Às 8 da matina já estávamos rodando, não sabíamos se conseguiríamos chegar em Ushuaia. Além dos 920km teríamos 4 aduanas pra fazer e no Chile as coisas não são muitos ágeis. O asfalto da 3, geralmente muito bom, as vezes vira rípio o que diminui a nossa média. Finalmente cruzar mais uma vez o Estreito de Magalhães é sempre uma grande emoção. Nada demais, um ferry e 20 minutos de travessia, mas tem o sabor de um marco vencido. O frio finalmente veio se estabelecer, no fim da tarde chegamos em Rio Grande dos “Kirchner”,onde resolvemos pernoitar com 9 graus e um ventinho.



5 comentários:
estamos contentes com as notícias,todas as narrações de dar inveja.Na outra encarnação também vou até lá.Aqui todos bem um forte abraço para todos.Vó Rosa
Maravilhaaaaa. Estou acompanhando, como sempre, pelo mapa. Ah, aqui tudo bem.

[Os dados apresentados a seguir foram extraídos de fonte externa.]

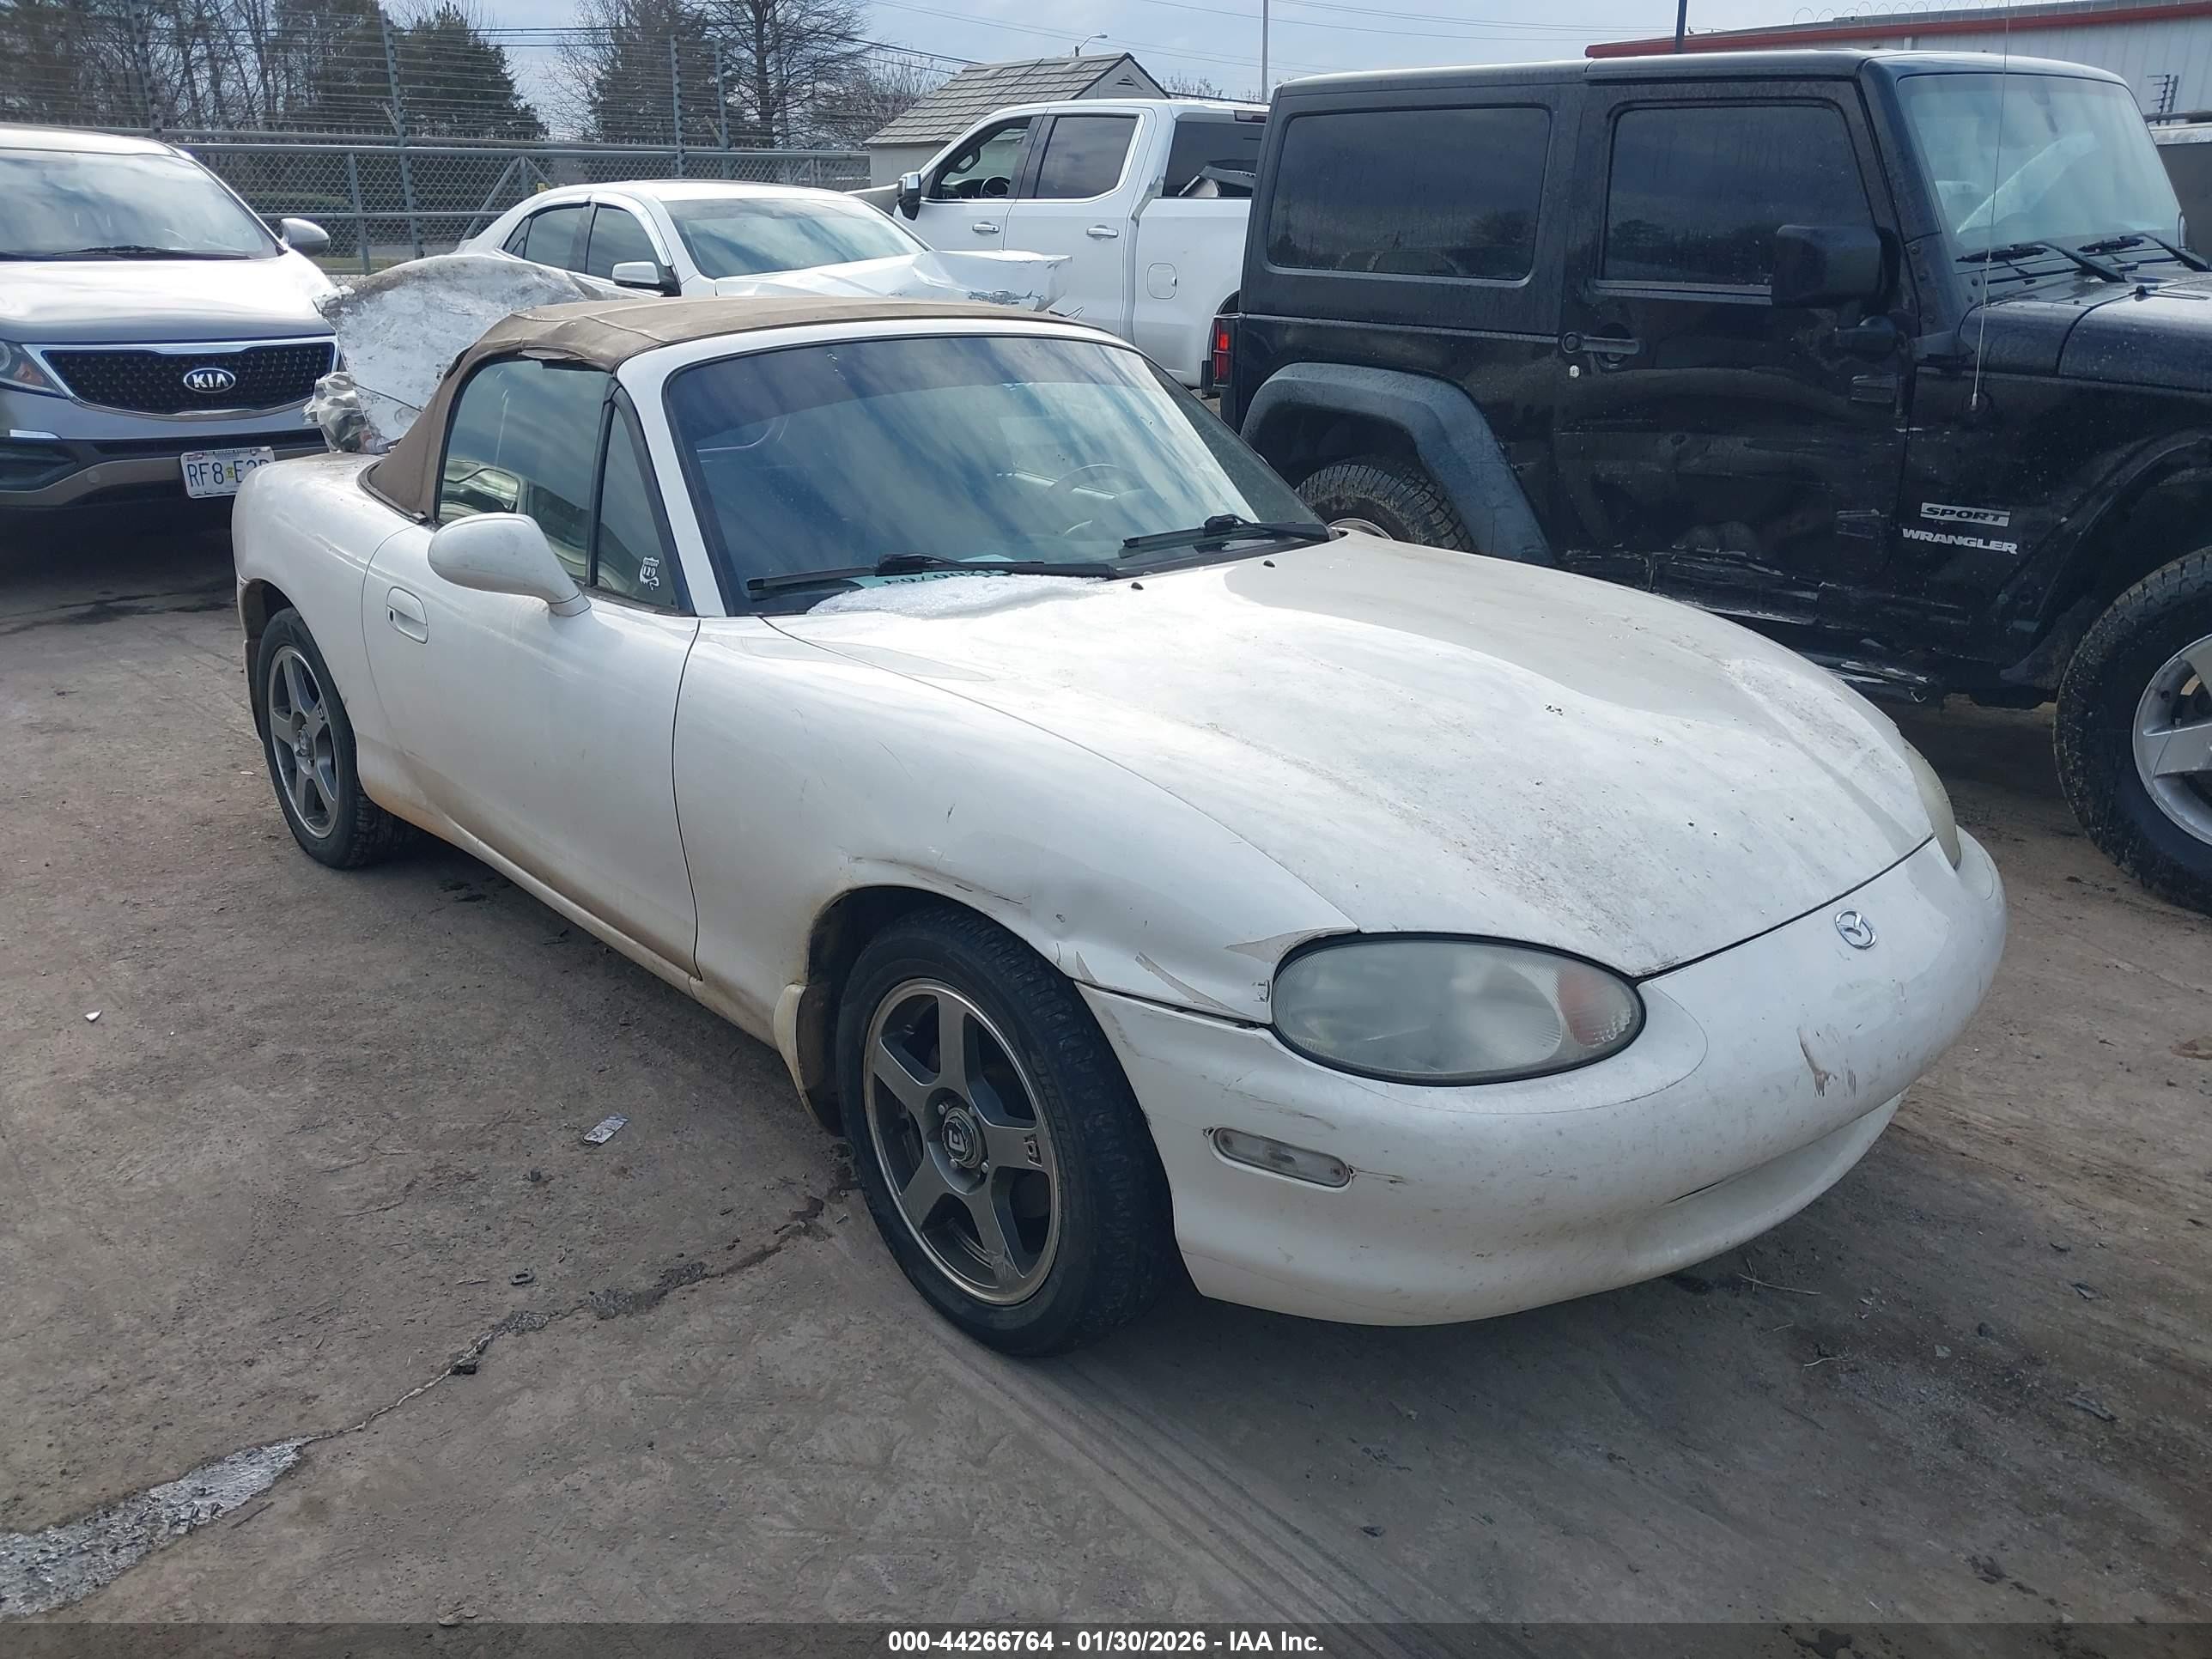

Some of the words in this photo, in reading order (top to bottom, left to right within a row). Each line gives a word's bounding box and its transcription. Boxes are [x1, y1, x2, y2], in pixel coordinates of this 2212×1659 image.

[191, 373, 229, 389] KIA
[187, 462, 224, 487] RF8
[1921, 506, 2010, 523] SPORT
[1902, 528, 2018, 555] WRANGLER

Táca-le pau!!! E posta mais fotos! Abração, Ricardo
mas tchê com esse monte de km que temos pra rodar as fotos vão ficando ..... agora nas paradas, com aqui no fim do mundo, vai melhorar. Conseguimos um apart aqui no Ushuaia bem legal com vista para a montanha nevada e com internet funcionando.. Abraços aos comentaristas.